For reasons which the specificity of this discussion may not allow, Cold War era ties between Nigeria and the U.S. could not assume the prominence or the infectious closeness that had characterized, say, U.S.-Egypt relations or U.S.S.R.-Libya ties. But, as the Cold War and the arms race between East and West tailed off, beginning from the early 1990s relations between Africa's biggest democracy and the world's only surviving super-power took on a much more constructive shape.

A succession of military dictatorships in the country found out that they needed a stronger voice in world affairs, and one way to achieve that had to be through the United Nations Security Council, whose most important members, including the U.S., had begun toying with the idea of reforming it, and crucially, increasing its ranks to reflect modern-day realities. Stiff competition with other key African players, such as, South Africa and Egypt, meant that Nigeria had to endear itself to countries, like the U.S., Britain, France and others, whose veto-wielding powers on the U.N Security Council would ultimately determine who got what.

If the military regimes couldn't win the Americans over by restoring multi-party democracy to their embattled fatherland, they could at least try, by giving the Western world and others reason to see Nigeria as, not just a well-behaved and civilized member of the world community, but also a factor of stability in the the region. Tragedy for American and U.N. peace-keepers in Somalia, in 1992, forced Bill Clinton to pull his troops out of there in 1993, never to return to the continent for real combat duties, under the auspices of the U.N., that is.
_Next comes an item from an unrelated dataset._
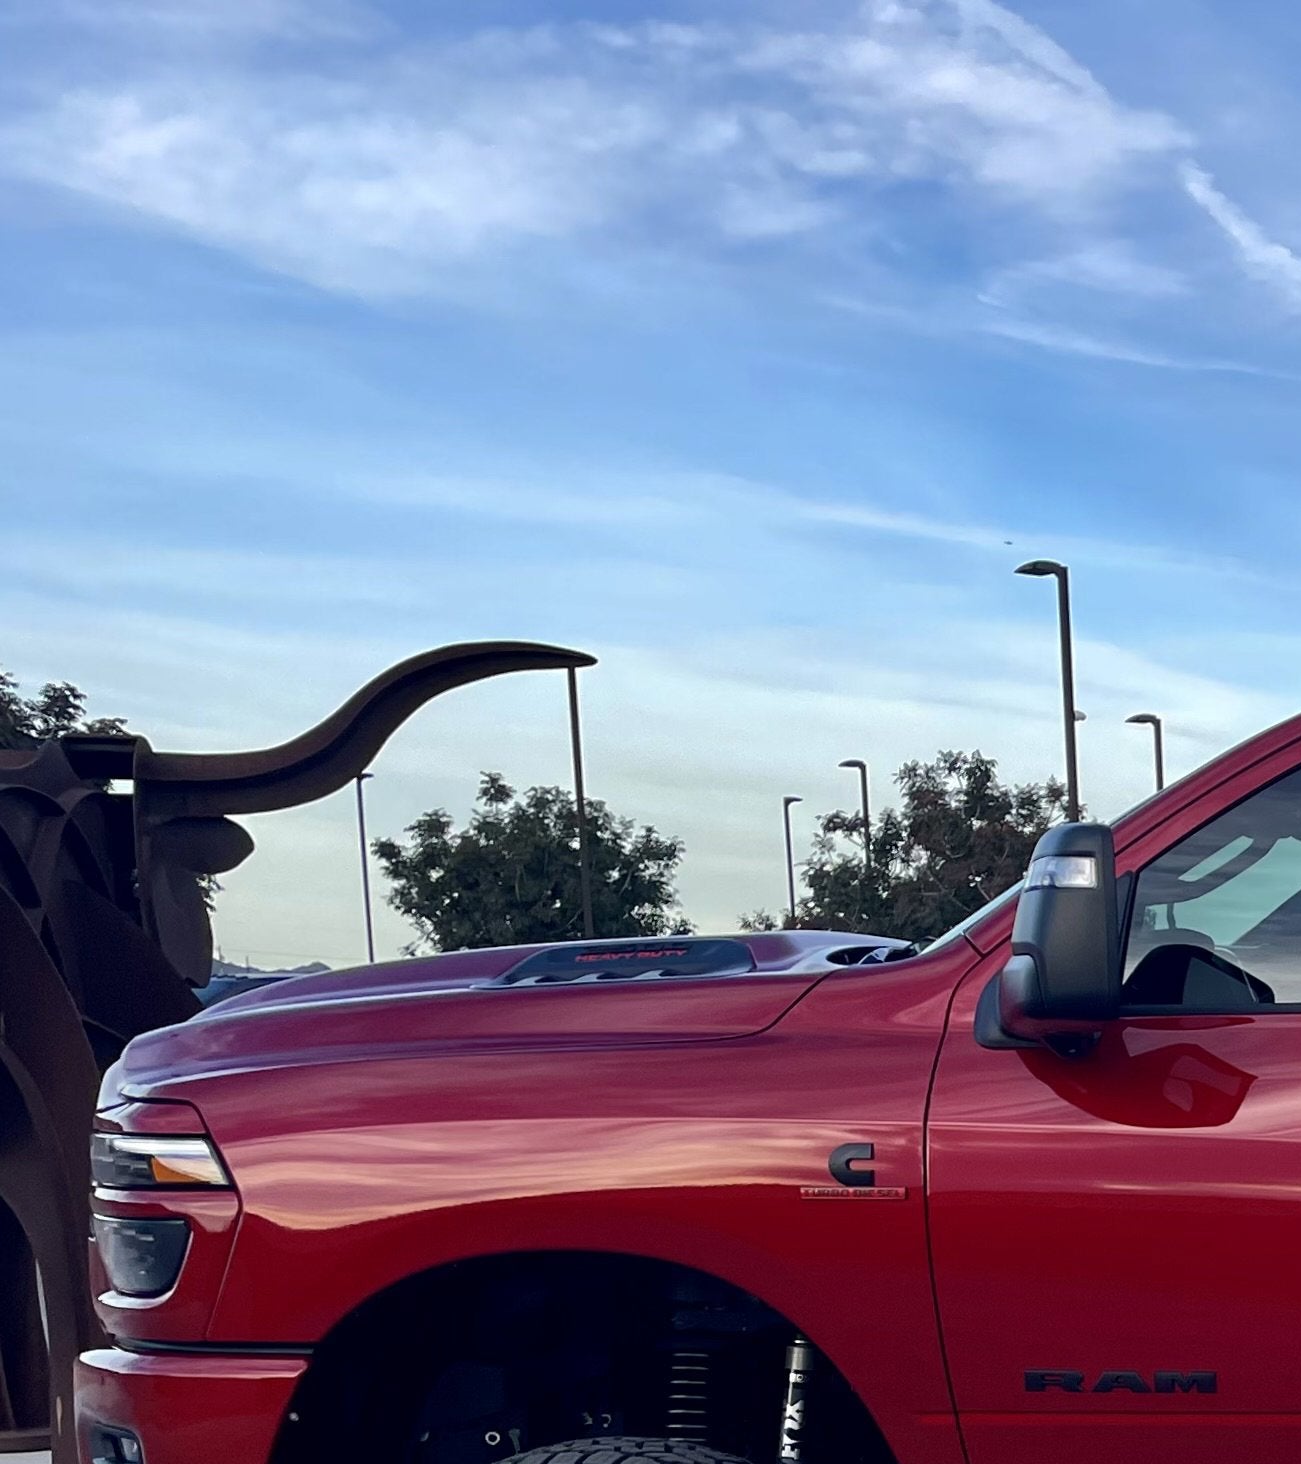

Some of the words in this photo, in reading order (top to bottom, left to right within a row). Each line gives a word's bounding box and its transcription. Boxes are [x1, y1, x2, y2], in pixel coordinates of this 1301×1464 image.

Even though unconstitutional rule, often the most brutal form of it, had characterized the business of governance in Nigeria from the mid-1980s, when the Second Republic was overthrown, to the late 1990s when the Third Republic was born, Washington and its allies in London, Paris and Berlin resolved to put up with it. They did not want their economic interests, the oil and other concerns, to be compromised. That is one point. Another point: a brutal dictatorship that could guarantee a relatively high degree of internal stability and order was a preferable option than to allow such a massive entity to unravel and plunge into anarchy, with the inevitable consequence of destabilizing the entire region.
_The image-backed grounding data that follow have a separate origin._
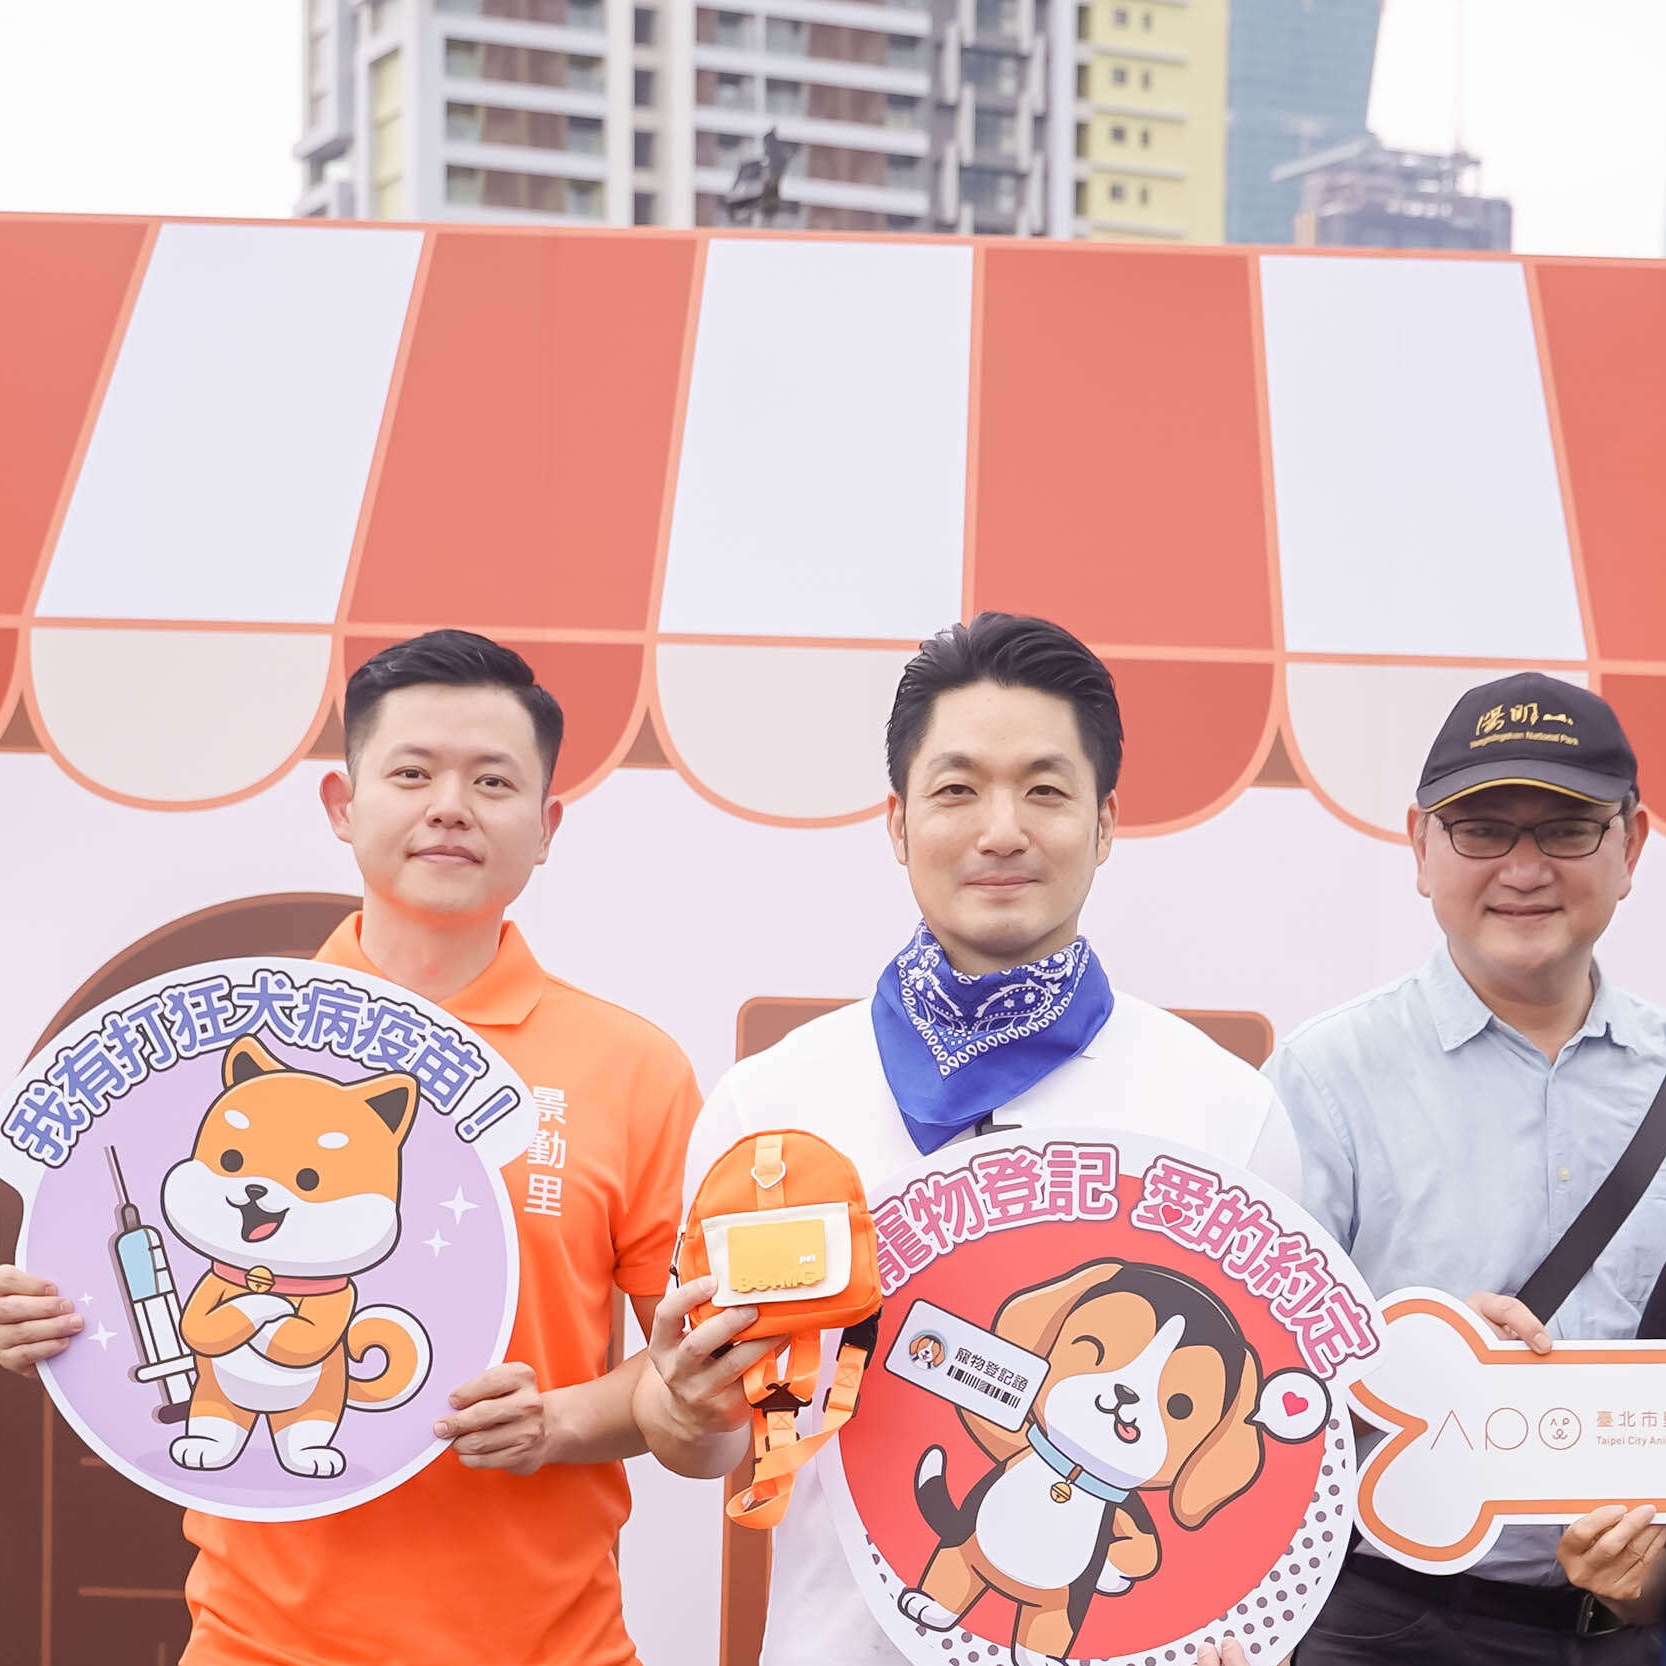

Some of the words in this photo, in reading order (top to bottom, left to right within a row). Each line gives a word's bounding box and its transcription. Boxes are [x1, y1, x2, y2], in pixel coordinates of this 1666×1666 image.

[523, 1085, 569, 1217] 景勤里
[874, 1149, 1114, 1290] 寵物登記
[1136, 1161, 1375, 1376] 愛的約定
[954, 1347, 1029, 1393] 寵物登記證
[1596, 1435, 1625, 1446] Taipei
[1628, 1435, 1647, 1447] City
There was a third factor behind the quiet resolve of the U.S. to turn a blind eye to the oppressive methods of the khaki boys power at the time. General Babangida and later on General Abacha, had managed to coax the rest of West Africa into taking up this idea of a peace-enforcement military force for the ECOWAS sub-region, called ECOMOG. In Liberia, a former U.S. colony, and in Sierra Leone, a former possession of Britain, ECOMOG had registered big successes.

Later, in the Ivory Coast, France's ex-colony, they achieved the same feat that had characterized the Liberia and Sierra Leone conflicts: namely, restoring relative order to the conflict zone, in order to create a tranquil enough environment for the United Nations to send in their peace-keeping troops.